Leider habe ich mich noch nicht angemeldet, da ich vor ein paar Monaten einen schweren Verkehrsunfall hatte .

Hoffe das ich bis Sept. wieder einigermaßen Biken kann,
dann fahre ich aufjedenfall mit.

Dabei sein ist alles !


----------



## bike4life1 (26. Februar 2010)

Hallo Skyder,
wäre schön, wenn es mal ein Rennen ohne "Highway to Hell" Startlied gäbe 

Das nervt nämlich langsam...


----------



## rboncube (26. Februar 2010)

bike4life1 schrieb:


> Hallo Skyder,
> wäre schön, wenn es mal ein Rennen ohne "Highway to Hell" Startlied gäbe
> 
> Das nervt nämlich langsam...



Manche haben Probleme

Ich freu mich wie viele andere drauf.

Im Endeffekt ist´s mir eh egal was für ne Musik gespielt wird, hauptsache wir müssen nicht selber singen

Gruß René


----------



## bike4life1 (26. Februar 2010)

rboncube schrieb:


> Manche haben Probleme
> 
> Ich freu mich wie viele andere drauf.
> 
> ...



...selber singen ? darauf bin ich noch gar nicht gekommen 

...aber du hast Recht.
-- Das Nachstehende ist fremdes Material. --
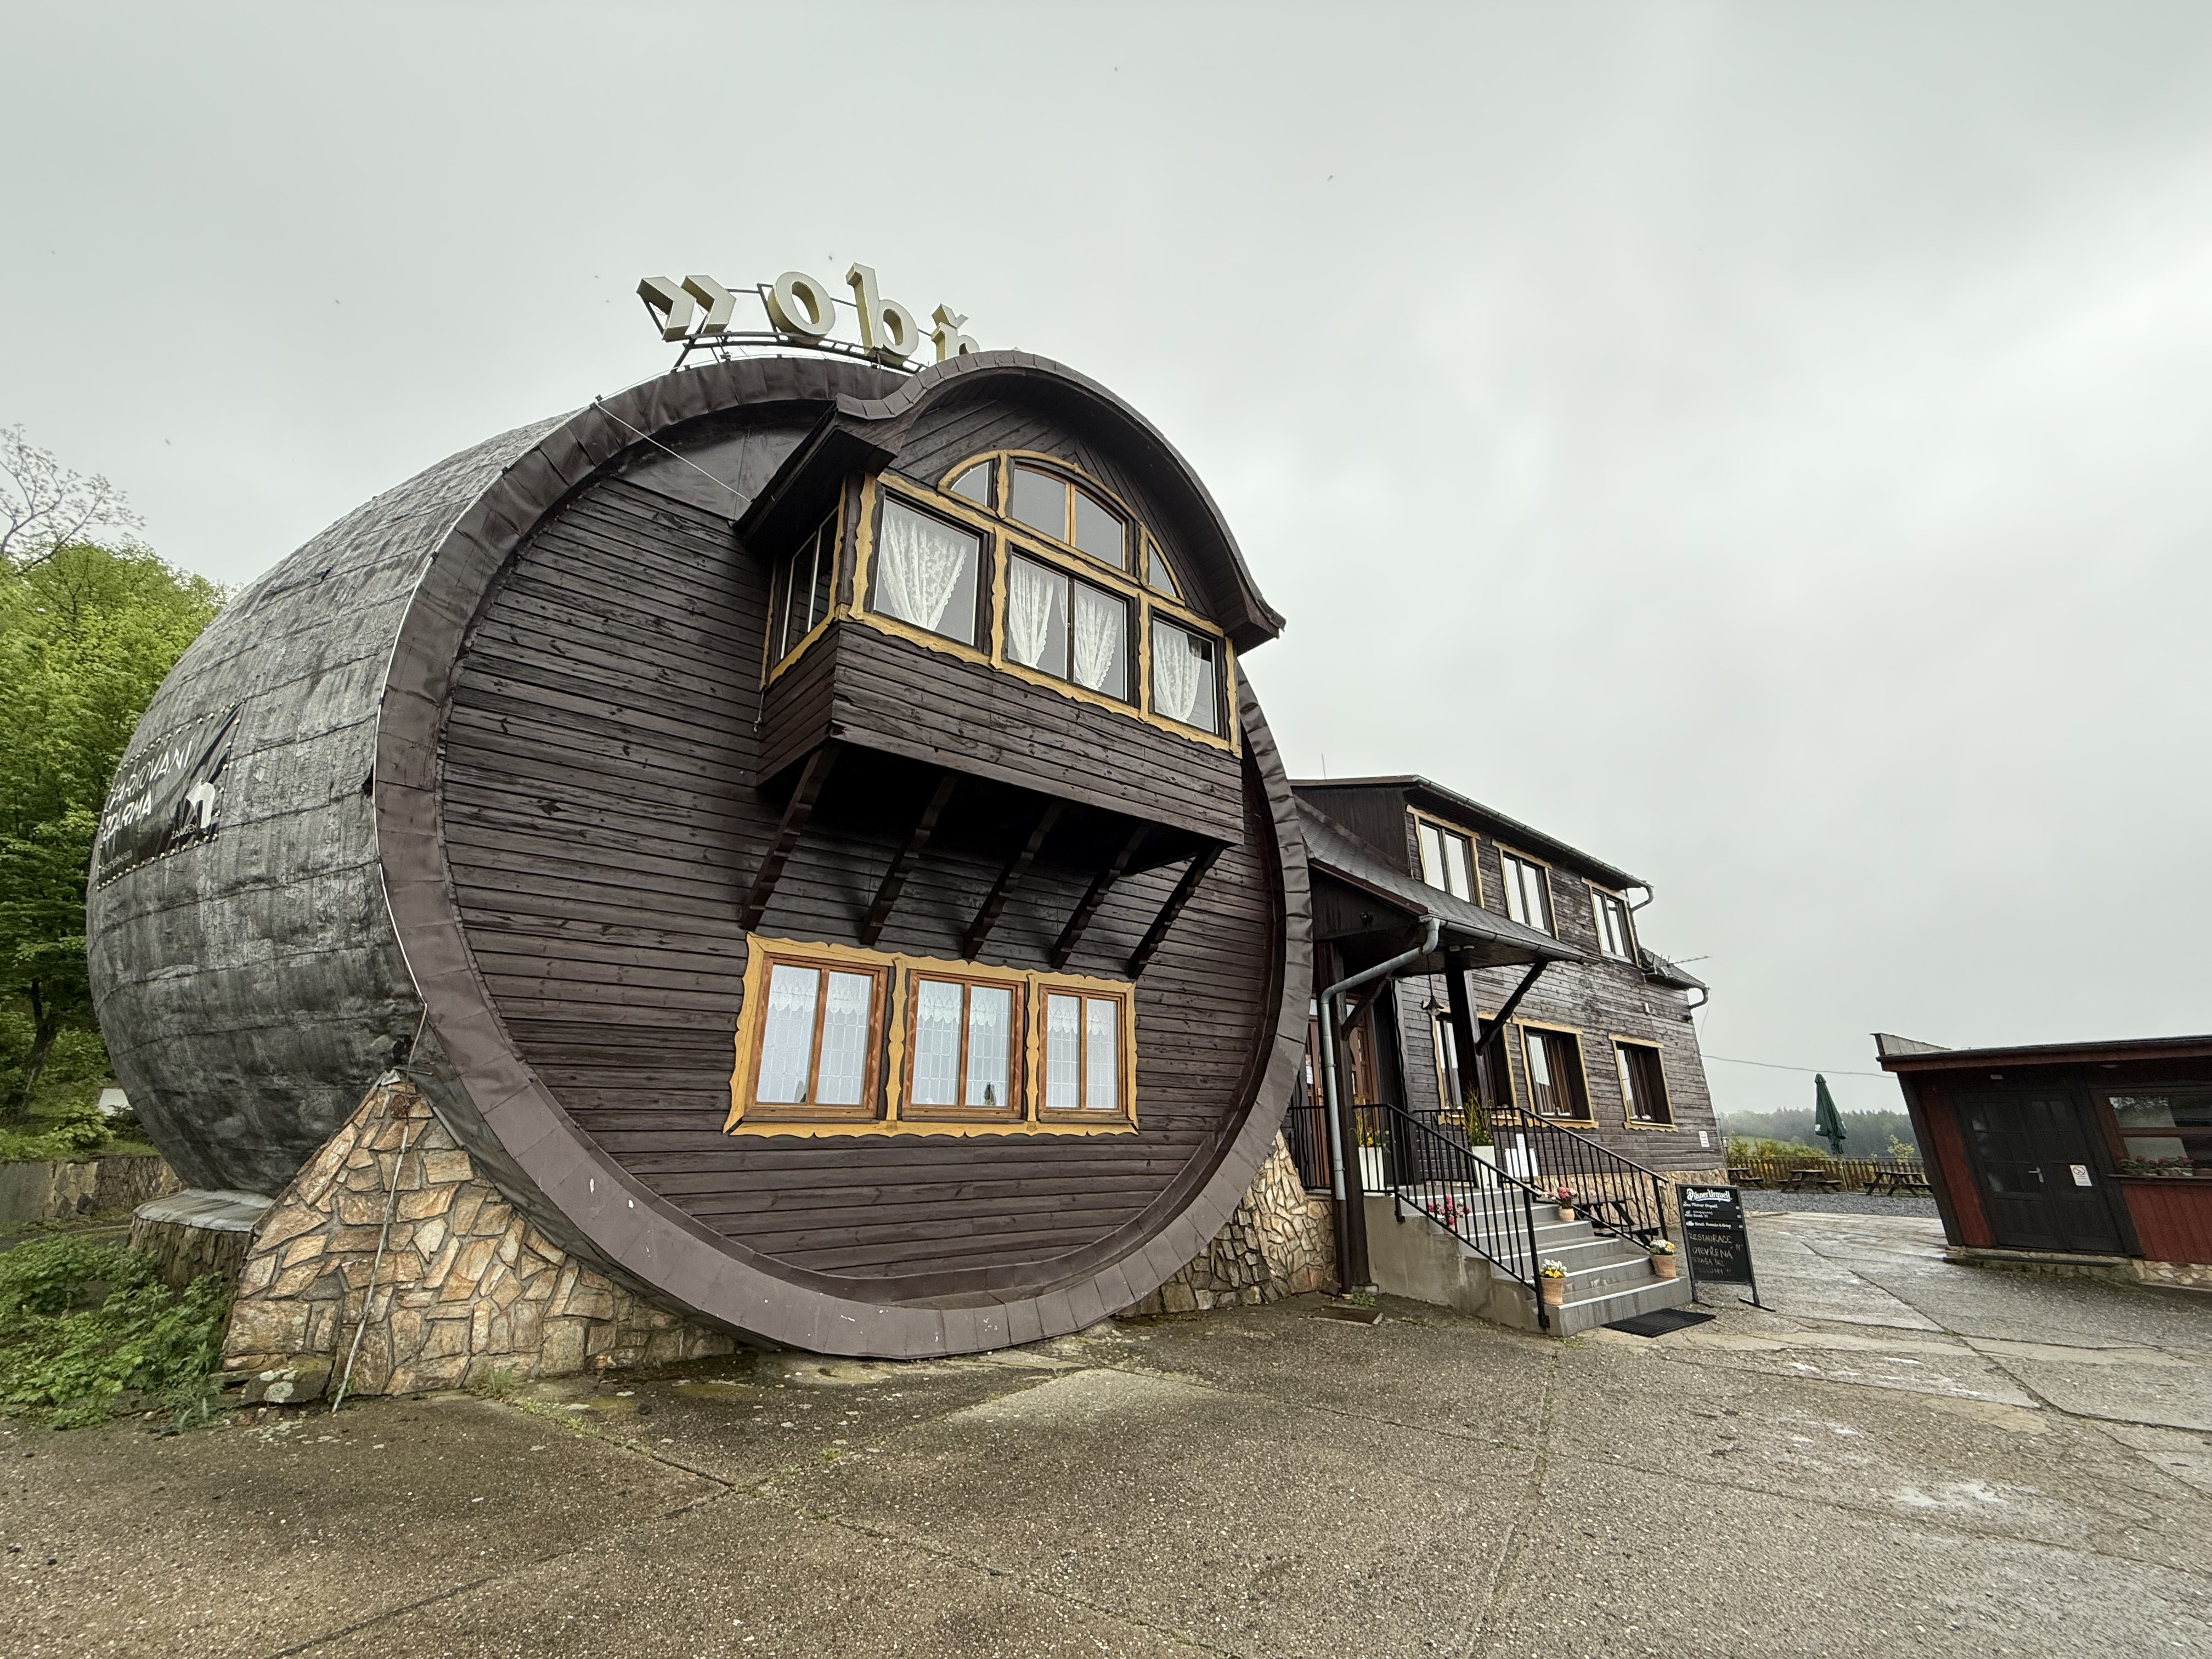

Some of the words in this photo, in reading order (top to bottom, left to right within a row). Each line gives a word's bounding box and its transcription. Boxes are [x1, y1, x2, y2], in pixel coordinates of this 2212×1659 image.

Ist sicher nicht das wichtigste, aber trotzdem der Erwähnung Wert gewesen...


----------



## aka (26. Februar 2010)

Ich freu mich auf AC/DC! Rage against the Machine waere auch nicht schlecht.


----------



## MTB-News.de




----------



## seffi (28. Februar 2010)

Mal was anderes:

Gibt's eigentlich Vorgaben zum Gepäck ? Wegen Transport und so....


----------



## skyder (3. März 2010)

seffi schrieb:


> Mal was anderes:
> 
> Gibt's eigentlich Vorgaben zum Gepäck ? Wegen Transport und so....



Hallo,

ja - die wird es geben, sind aber noch nicht definiert. Da wir keine Tasche als Finisher-Präsent verteilen, wird sich die Vorgabe an gewissen Maßen orientieren (weniger am Gewicht). Mehr dazu aber erst Ende April.

Gruß
skyder


----------



## skyder (3. März 2010)

bike4life1 schrieb:


> Hallo Skyder,
> wäre schön, wenn es mal ein Rennen ohne "Highway to Hell" Startlied gäbe
> 
> Das nervt nämlich langsam...



Hallo,

na man kann es - gerade musikalisch - nicht jedem Recht machen. Über AC/DC und speziell Highway to Hell - hat sich aber bei mir in den letzten 12 Jahren wirklich noch niemand beschwert (Ausnahme - ein älterer Herr - morgens um 08.00 Uhr im Jahr 2003 in Kirchen-Hausen beim Marathon). Stell Dir vor - eines der Highlight´s der 24h Stunden von Duisburg sind ein paar Jungs und Mädels, die jedes Jahr an 24 Stunden an der Strecke stehen und alle Teilnehmer mit AC/DC (und das wird Highway to Hell oder TNT sicher zig-mal gespielt) anfeuern... Könnte als Alternative "BIENE MAJA" oder "ER GEHÖRT ZU MIR" spielen.. Wäre das ok??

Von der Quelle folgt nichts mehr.